Two federal facilities earn ENERGY STAR Combined Heat and Power Award
Dec 09, 2013

Two federal facilities, the Marine Corps Logistics Base of Albany, Georgia, and the National Archives and Records Administration in Washington, D.C., were given the ENERGY STAR Combined Heat and Power (CHP) Award last month for their exemplary power efficiency.

In an effort to reduce carbon pollution and lead the charge against the detrimental effects of climate change, the facilities produce electricity, steam and hot water from a single heat source, relying only on fuels such as natural gas or renewable landfill gas. Rather than letting the thermal energy from energy consumption and transmission go to waste, as is the norm among most commercial structures, these two facilities are taking a much-needed stand toward a sustainable future by recycling them for internal use.

The Marine Corps Logistics Base’s CHP system effectively utilizes renewable landfill gas to power essential base operations, reducing energy bills by approximately $1.3 million per annum. To put things in perspective, this is roughly as much energy as 1,200 homes would typically consume.

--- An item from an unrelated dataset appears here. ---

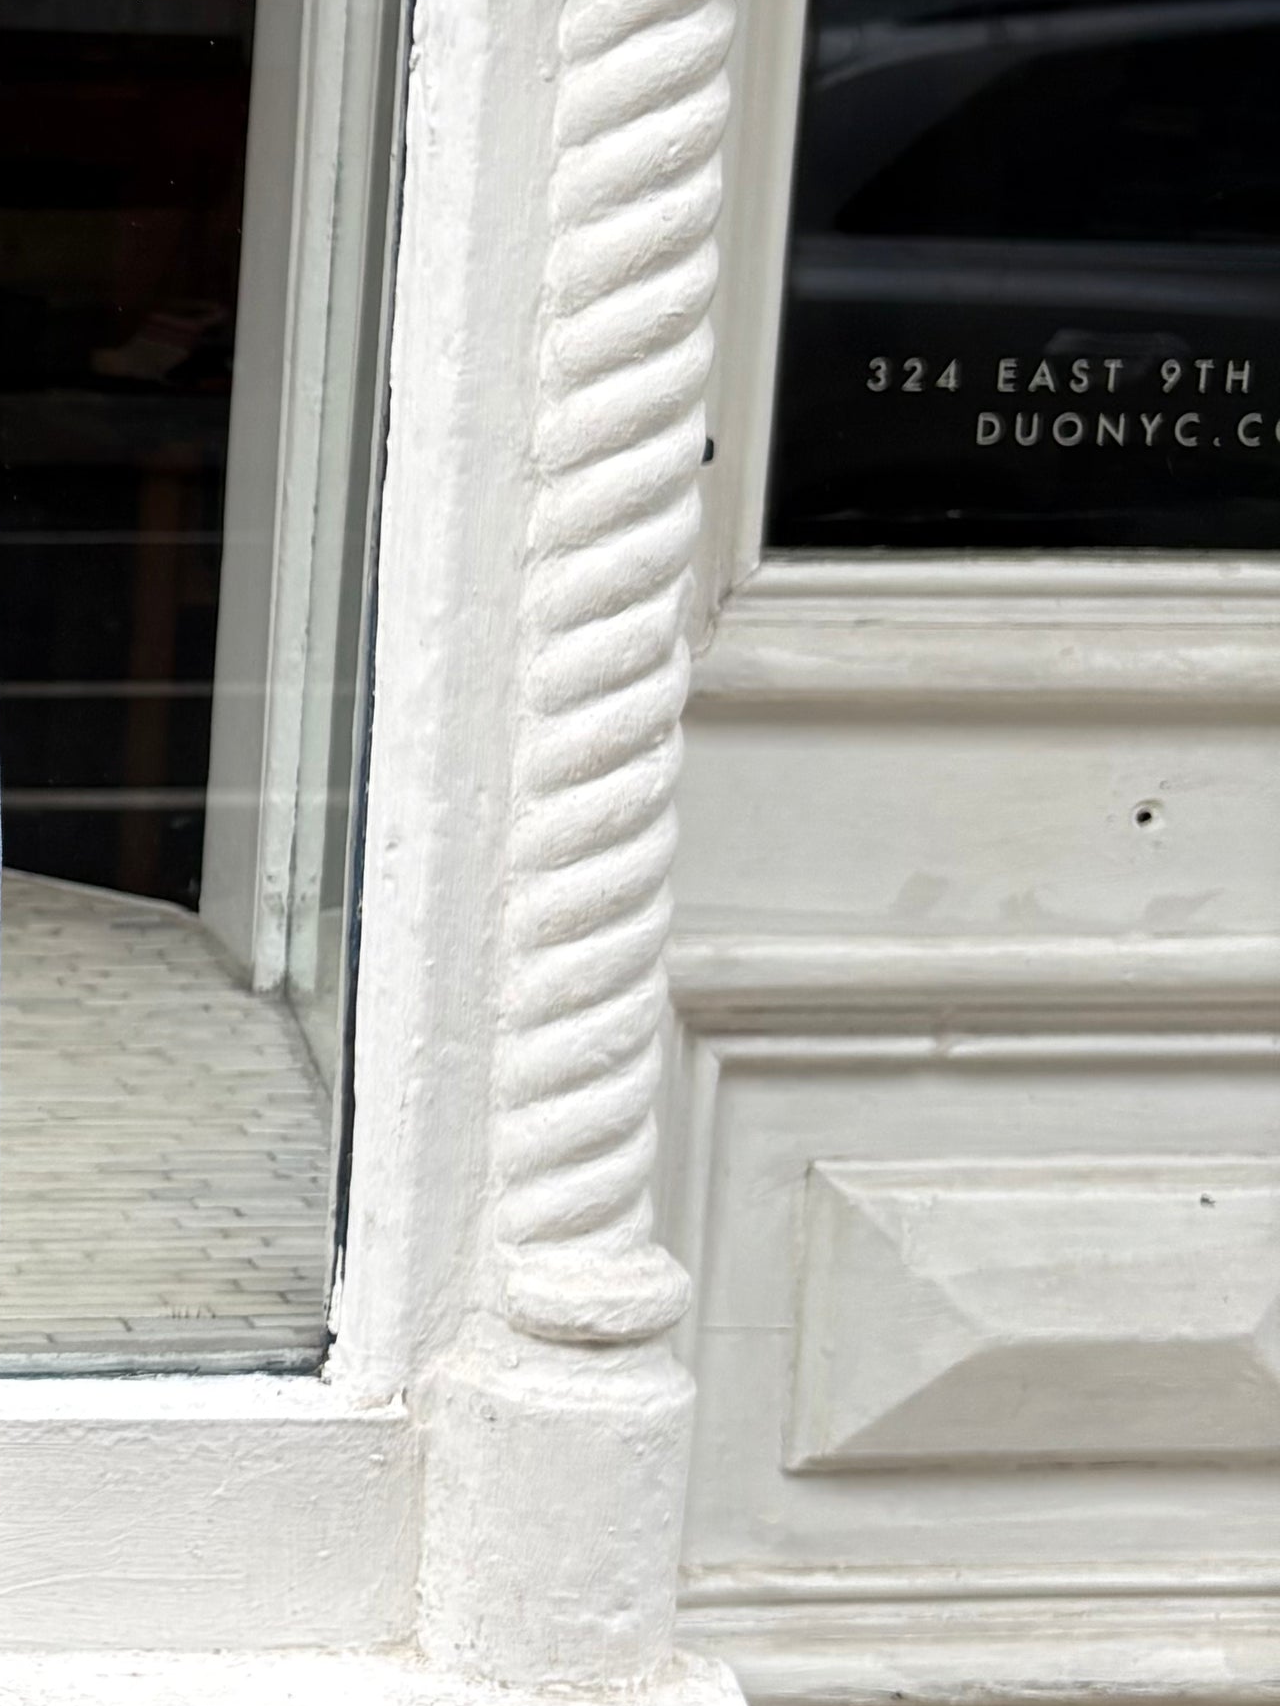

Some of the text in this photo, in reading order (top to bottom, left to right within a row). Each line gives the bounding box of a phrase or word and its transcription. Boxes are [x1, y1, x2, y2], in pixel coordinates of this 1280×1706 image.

[867, 357, 1251, 394] 324 EAST 9TH
[976, 411, 1280, 447] DUONYC.C

The National Archives and Records Administration, the other award recipient, recorded an astounding operating efficiency of 72 percent with its revolutionary CHP – a level nearly 50 percent better than the national average.

The awards were announced at the GreenGov Dialogue on Energy Management, a committee funded by the White House Council on Environmental Quality in Washington, D.C.

The inventive process of combining heat and power into one central system is well-suited for federal facilities because not only does it provide electricity, heat, and cooling for generalized office space, it also offers a reliable method of protecting fragile data resources, like server rooms and other operations vulnerable to power outages.

According to a Department of Energy assessment of the potential for CHP at federal facilities, the proliferation of CHP systems could save taxpayers more than $150 million annually and prevent the creation of a carbon footprint equivalent to that of 370,000 homes every year.